Single values such as 1 or * may be written on edges; the single value 1 on an edge is treated as equivalent to 1 . . 1, while * is equivalent to 0 . . *. UML supports generalization; the notation is basically the same as in our E-R notation, including the representation of disjoint and overlapping generalizations. UML class diagrams include several other notations that do not correspond to the E-R notations we have seen. For example, a line between two entity sets with a small diamond at one end specifies that the entity on the diamond side contains the other entity (containment is called “aggregation” in UML terminology; do not confuse this use of aggregation with the sense in which it is used in the E-R model). For example, a vehicle entity may contain an engine entity.

UML class diagrams also provide notations to represent object-oriented language features such as interfaces. See the references in the bibliographic notes for more information on UML class diagrams.

2、Other Aspects of Database Design

Our extensive discussion of schema design in this series may create the false impression that schema design is the only component of a database design. There are indeed several other considerations that we address more fully in subsequent series, and survey briefly here.

2.1 Data Constraints and Relational Database Design

We have seen a variety of data constraints that can be expressed using SQL, including primary-key constraints, foreign-key constraints, check constraints, assertions, and triggers. Constraints serve several purposes. The most obvious one is the automation of consistency preservation. By expressing constraints in the SQL data-definition language, the designer is able to ensure that the database system itself enforces the constraints. This is more reliable than relying on each application program individually to enforce constraints. It also provides a central location for the update of constraints and the addition of new ones.

A further advantage of stating constraints explicitly is that certain constraints are particularly useful in designing relational database schemas.
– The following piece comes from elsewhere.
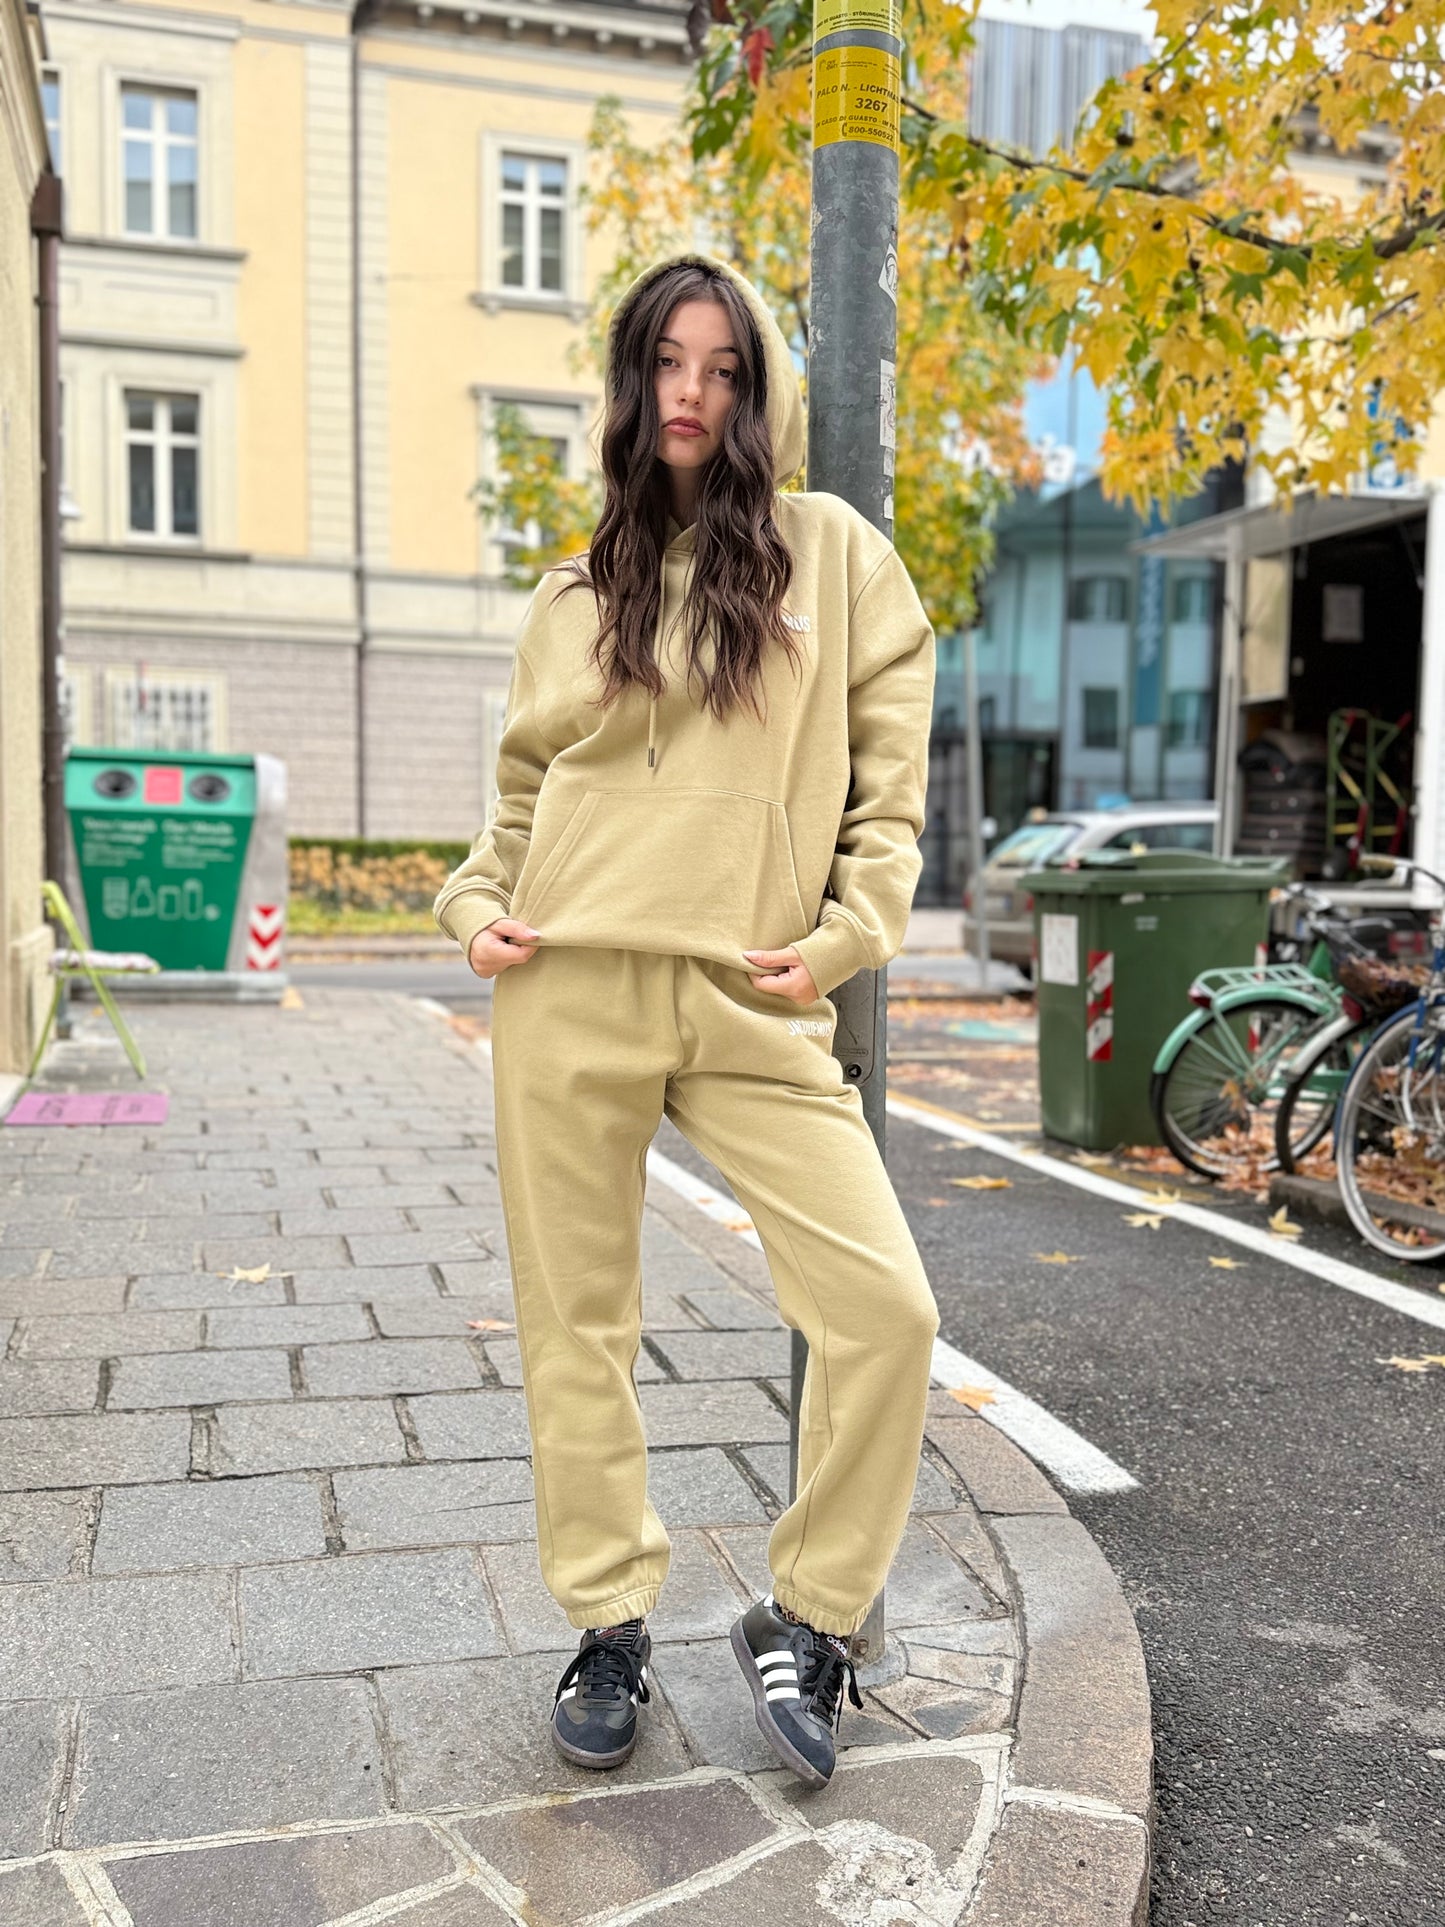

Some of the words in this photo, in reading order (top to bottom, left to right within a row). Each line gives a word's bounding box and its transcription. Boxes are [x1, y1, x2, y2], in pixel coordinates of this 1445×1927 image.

If we know, for example, that a social-security number uniquely identifies a person, then we can use a person’s social-security number to link data related to that person even if these data appear in multiple relations. Contrast that with, for example, eye color, which is not a unique identifier. Eye color could not be used to link data pertaining to a specific person across relations because that person’s data could not be distinguished from data pertaining to other people with the same eye color.

 In Section 1 in Database Design ~ Database Design and the E-R Model III, we generated a set of relation schemas for a given E-R design using the constraints specified in the design. In later series, we formalize this idea and related ones, and show how they can assist in the design of relational database schemas. The formal approach to relational database design allows us to state in a precise manner when a given design is a good one and to transform poor designs into better ones. We shall see that the process of starting with an entity-relationship design and generating relation schemas algorithmically from that design provides a good start to the design process.
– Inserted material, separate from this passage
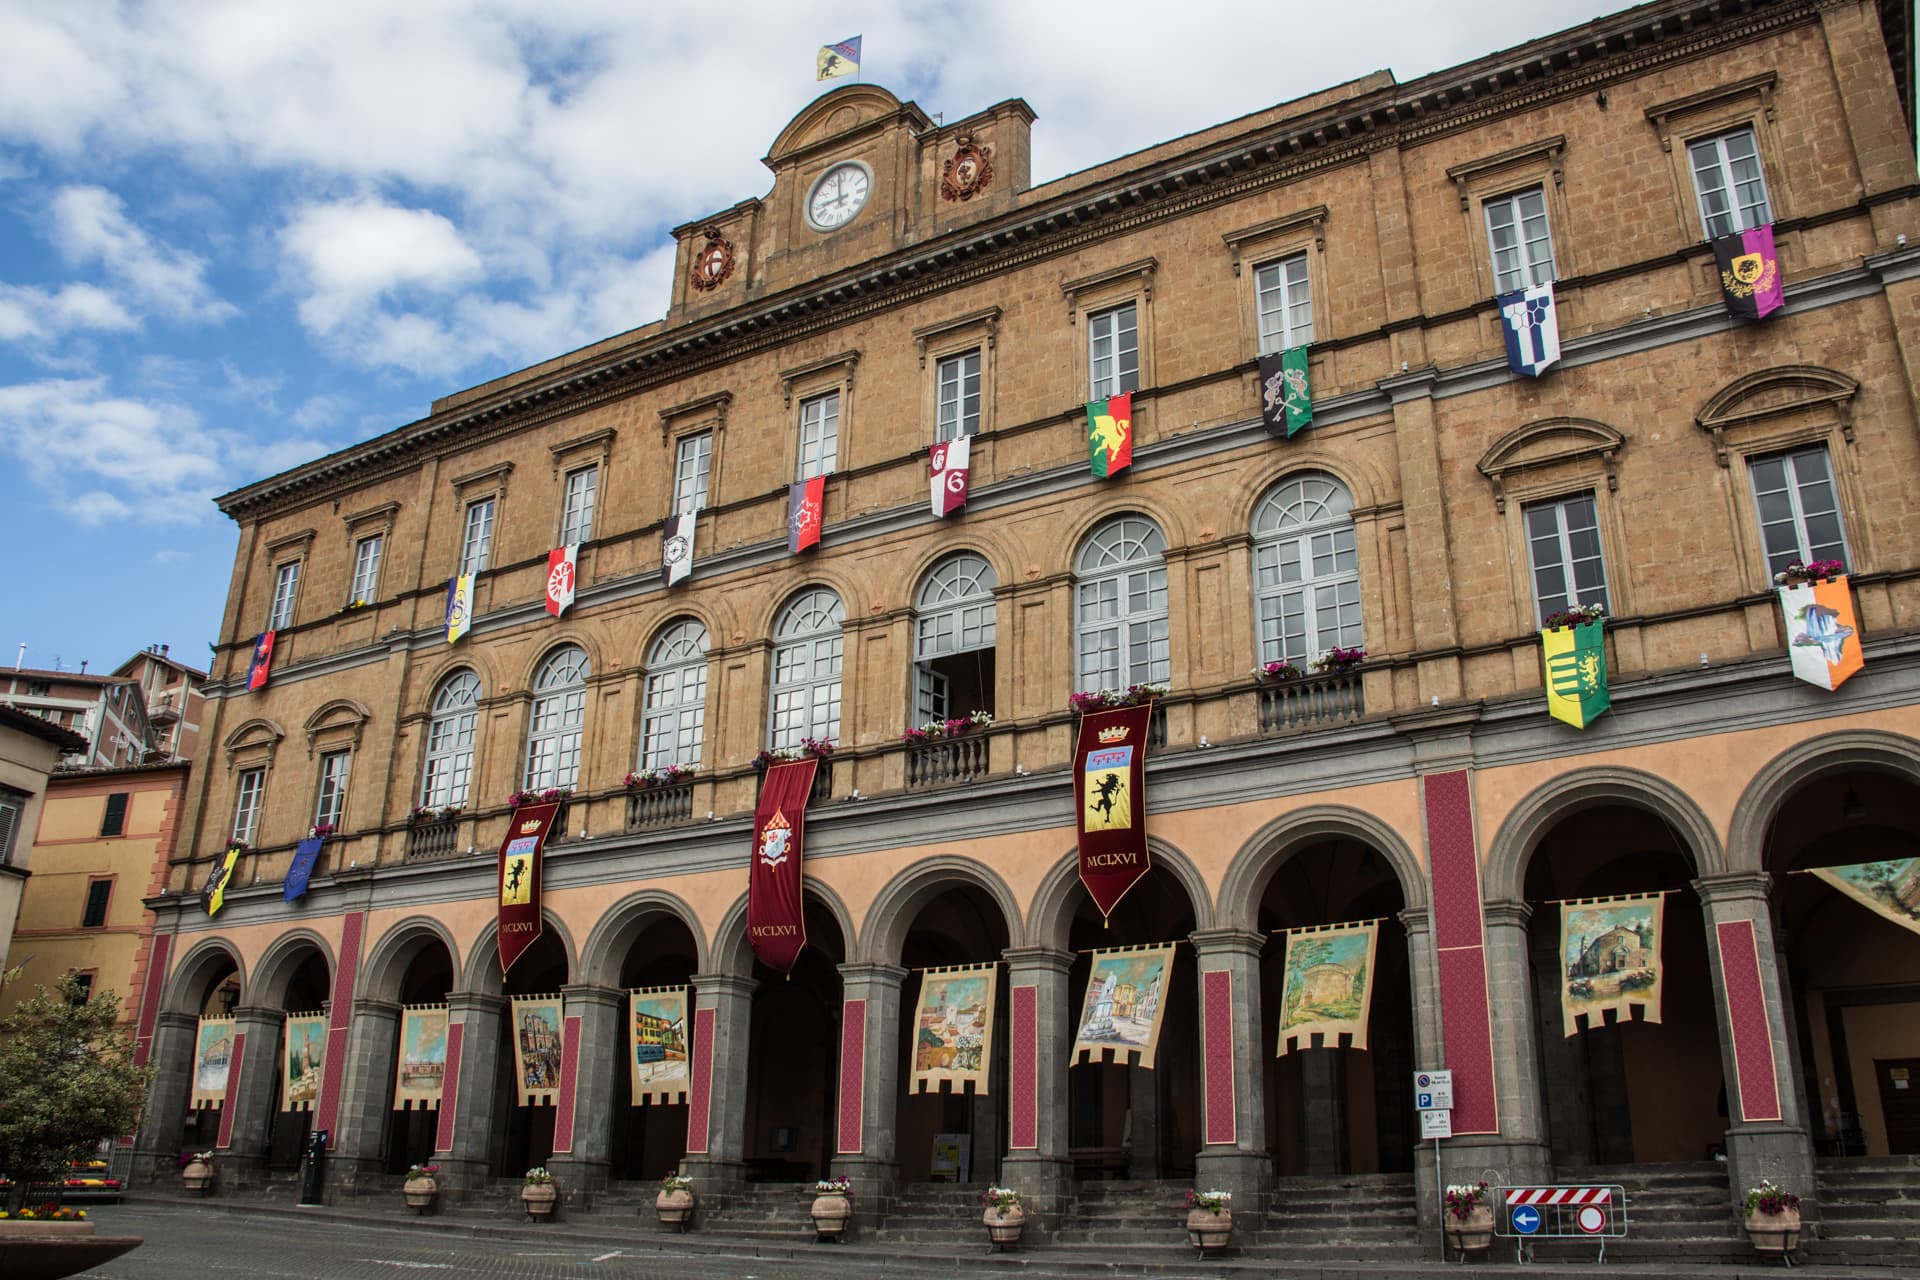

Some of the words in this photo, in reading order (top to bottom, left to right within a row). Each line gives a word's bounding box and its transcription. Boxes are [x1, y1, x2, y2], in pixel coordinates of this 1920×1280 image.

[1087, 852, 1137, 868] MCLXVI
[501, 921, 533, 933] MCLXVI
[752, 924, 797, 937] MCLXVI
[1421, 1095, 1429, 1106] P
Data constraints are useful as well in determining the physical structure of data. It may be useful to store data that are closely related to each other in physical proximity on disk so as to gain efficiencies in disk access. Certain index structures work better when the index is on a primary key. Constraint enforcement comes at a potentially high price in performance each time the database is updated. For each update, the system must check all of the constraints and either reject updates that fail the constraints or execute appropriate triggers. The significance of the performance penalty depends not only on the frequency of update but also on how the database is designed. Indeed efficiency of the testing of certain types of constraints is an important aspect of the discussion of relational database schema design in later series.

2.2 Usage Requirements: Queries, Performance

Database system performance is a critical aspect of most enterprise information systems. Performance pertains not only to the efficient use of the computing and storage hardware being used, but also to the efficiency of people who interact with the system and of processes that depend upon database data. There are two main metrics for performance:

  • Throughout——the number of queries or updates (often referred to as transactions) that can be processed on average per unit of time.
  • Response time——the amount of time a single transaction takes from start to finish in either the average case or the worst case.

Systems that process large numbers of transactions in a batch style focus on having high throughput. Systems that interact with people or time-critical systems often focus on respond time. These two metrics are not equivalent. High throughput arises from obtaining high utilization of system components. Doing so may result in certain transactions being delayed until such time that they can be run more efficiently. Those delayed transactions suffer poor respond time.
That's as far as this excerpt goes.